Credere, infatti, non è un salto cieco nel buio, perché Gesù è esistito ed è incontrabile, e credere in Lui è una questione di vita da vivere. Credere – come dice l’etimologia del verbo ebraico – significa trovare in Dio la roccia su cui appoggiarsi per stare in piedi nella vita. Credere, dunque, è una questione di vita, di vita sperimentabile e vivibile. Per questo Gesù alla domanda dei primi discepoli. “Maestro, dove abiti?”, risponde “Venite e vedrete”. Ed essi “andarono e videro dove abitava e quel giorno si fermarono presso di lui” (Gv 1, 38-39). Altro che salto nel buio! Qui Gesù chiede di andare a vivere la vita con Lui e come Lui, chiede di provare a vedere il mondo attraverso le sue parole e i suoi insegnamenti. Credere è provare a vivere la vita in Gesù e con Gesù, e vedere che una vita vissuta così “sta in piedi”.

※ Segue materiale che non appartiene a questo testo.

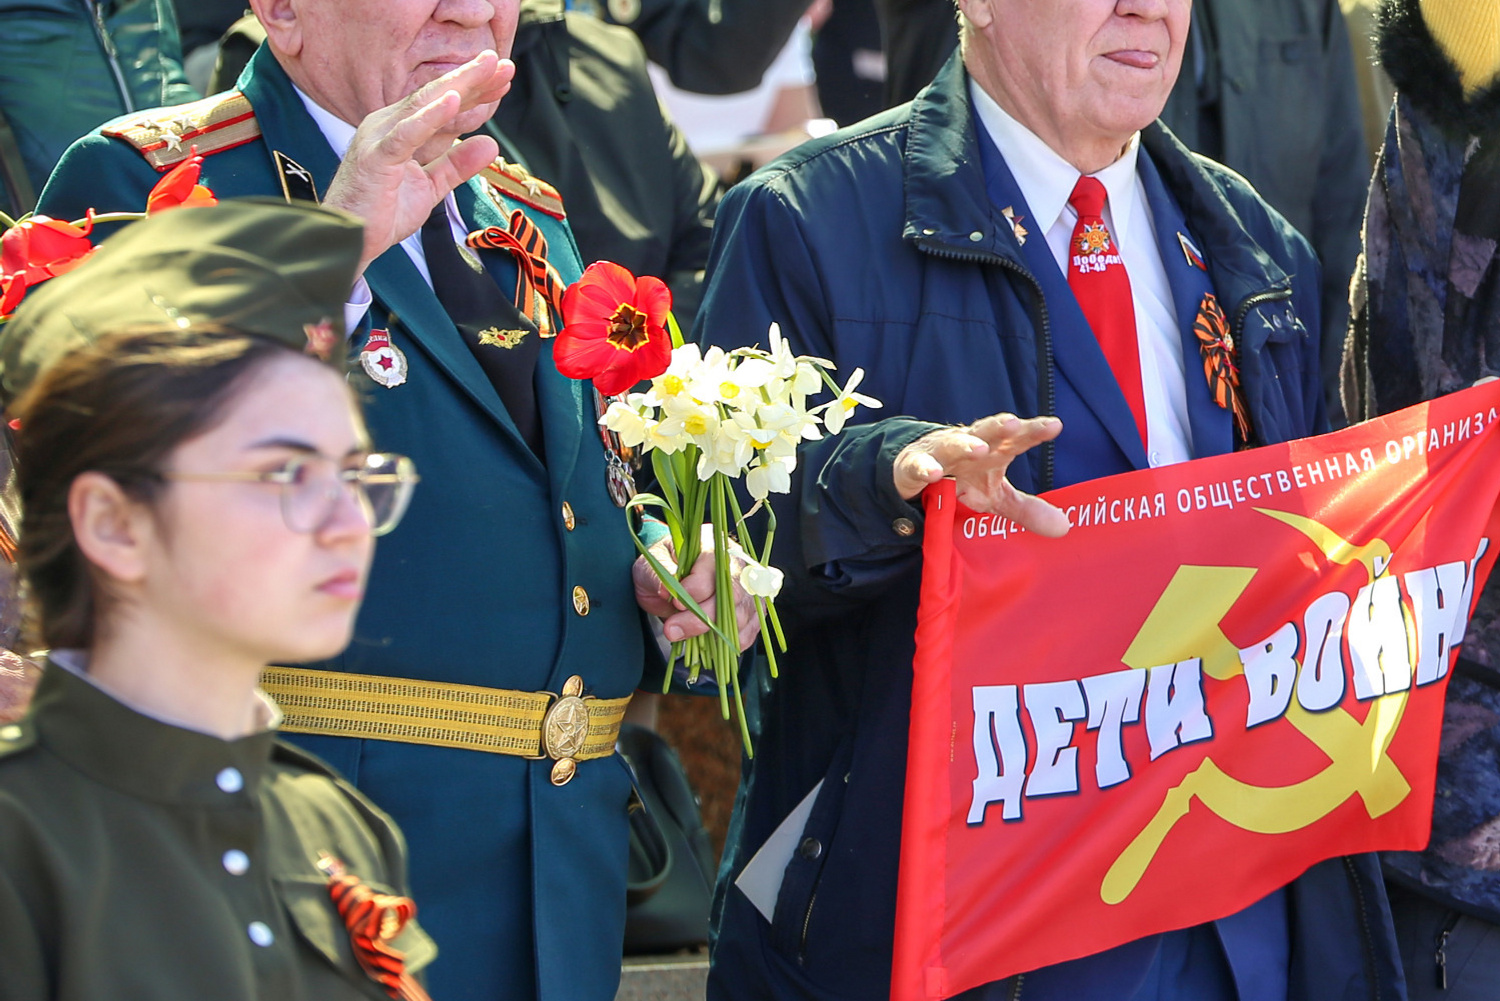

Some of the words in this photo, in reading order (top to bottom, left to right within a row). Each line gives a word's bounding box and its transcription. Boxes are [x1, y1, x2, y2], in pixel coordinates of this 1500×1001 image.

[963, 493, 1165, 540] ОБЩСИЙСКАЯ
[1177, 448, 1376, 513] ОБЩЕСТВЕННАЯ
[968, 658, 1213, 825] ДЕТИ

Si può “provare” (l’esistenza di) Dio?
Nel corso dei secoli, cristiani e non cristiani hanno tentato di “provare” in qualche modo l’esistenza di Dio, cercare dei segni nel mondo e nell’uomo capaci di offrire una sufficiente garanzia di certezza al fatto che Dio esista. Si voleva, infatti, attraverso un ragionamento quasi “costringere” a dire: “vedi? Non puoi negare che Dio esista!”. Ragionamenti del genere ci possono anche stare e possono forse servire a qualcuno, e non è certo un male impegnarsi in più o meno sofisticate ed elaborate riflessioni per “mostrare”, “indicare” Dio e la sua presenza. Ma tutto questo non porta a “credere in Dio”. Perché credere, è una questione di vita, e quindi di libertà e di volontà.